Der Wachtmeister ging, am einen Fuß den Pantoffel, am andern den Röhrenstiefel, im Zimmer auf und ab und blickte prüfend zur Decke, schlenkerte das bestiefelte Bein, beugte sich hinab, drückte mit dem Daumen auf das Oberleder. „Die sind wieder fest beisammen . . . Richt einen schönen Gruß aus an deinen Vater“, sagte er und zog den Geldbeutel.
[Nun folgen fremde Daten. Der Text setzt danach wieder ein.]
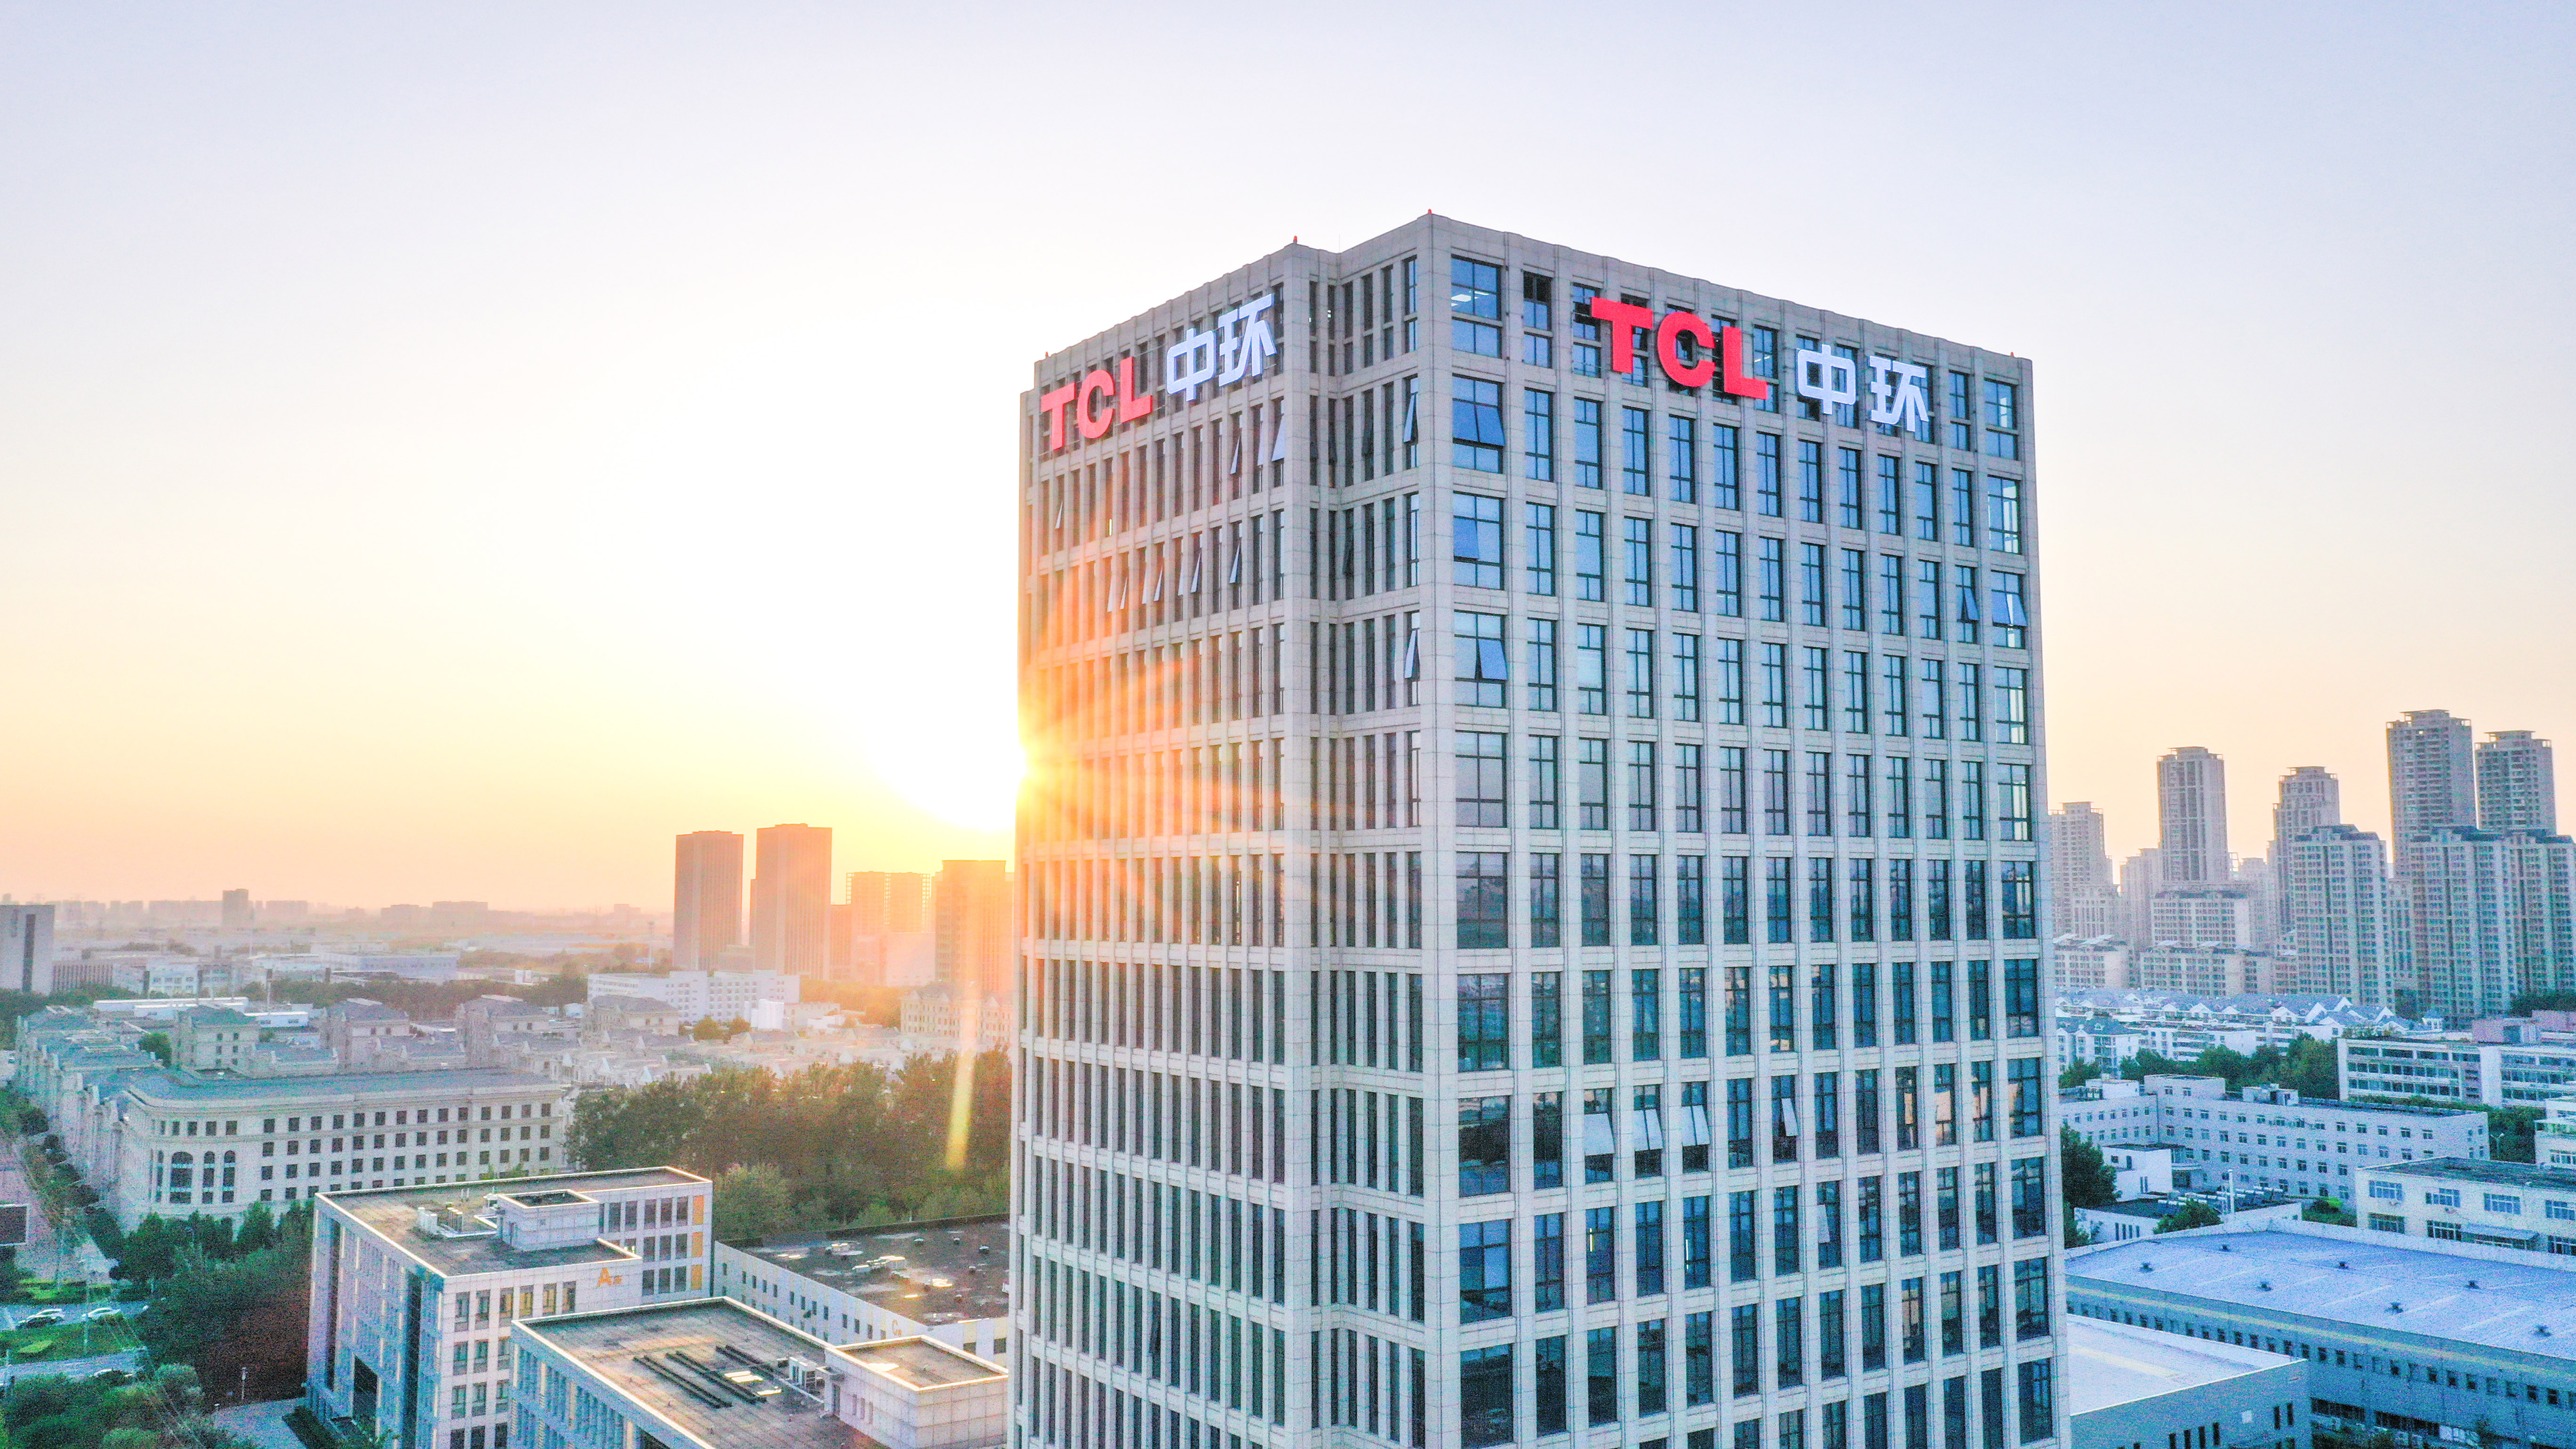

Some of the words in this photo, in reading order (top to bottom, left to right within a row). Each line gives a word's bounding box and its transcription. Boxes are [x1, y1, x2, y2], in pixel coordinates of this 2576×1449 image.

„Jetzt muß ich erst die drei Mark vierzig heimtrag“, sagte der Schreiber auf der Treppe. „Die fünfzig Pfennig mehr schaden dem nix . . . Er is ja Junggesell. Der hat sogar Geld auf der Sparkasse.“

„Warum hast denn nit noch zwanzig Pfennig mehr verlangt.“

„Was glaubst denn, da wär er drauf komme.“

„Hättst halt sag soll, dei Vater hätt dir aufgetragen, die Füß vom Wachtmeister seien zu groß . . . da brauchet man mehr Leder.“

„Ich hab doch heut schon vier Paar Stiefel fortgetragen . . . Im ganzen hab ich eine Mark siebzig dran verdient.“

„Hn!“

„Eine Mark siebzig.“

„Eigentlich ein ganz schöner Verdienst.“

„Geb halt das Geld erst später dein Vater“, drängte der bleiche Kapitän vor dem Hause. „. . . Du mußt von vorne anfangen, dann siehst du selber, daß eine Rettung absolut nit möglich war“, sagte er zu Winnetou, der stehend las. „Also, jetzt gehen wir zum ‚Lochfischer‘ . . . Komm aber, wennst’s ausgelesen hast!“ rief er Winnetou nach, der „Ja, ja, sicher!“ rief und weiterlesend langsam in der Richtung seiner Wohnung ging.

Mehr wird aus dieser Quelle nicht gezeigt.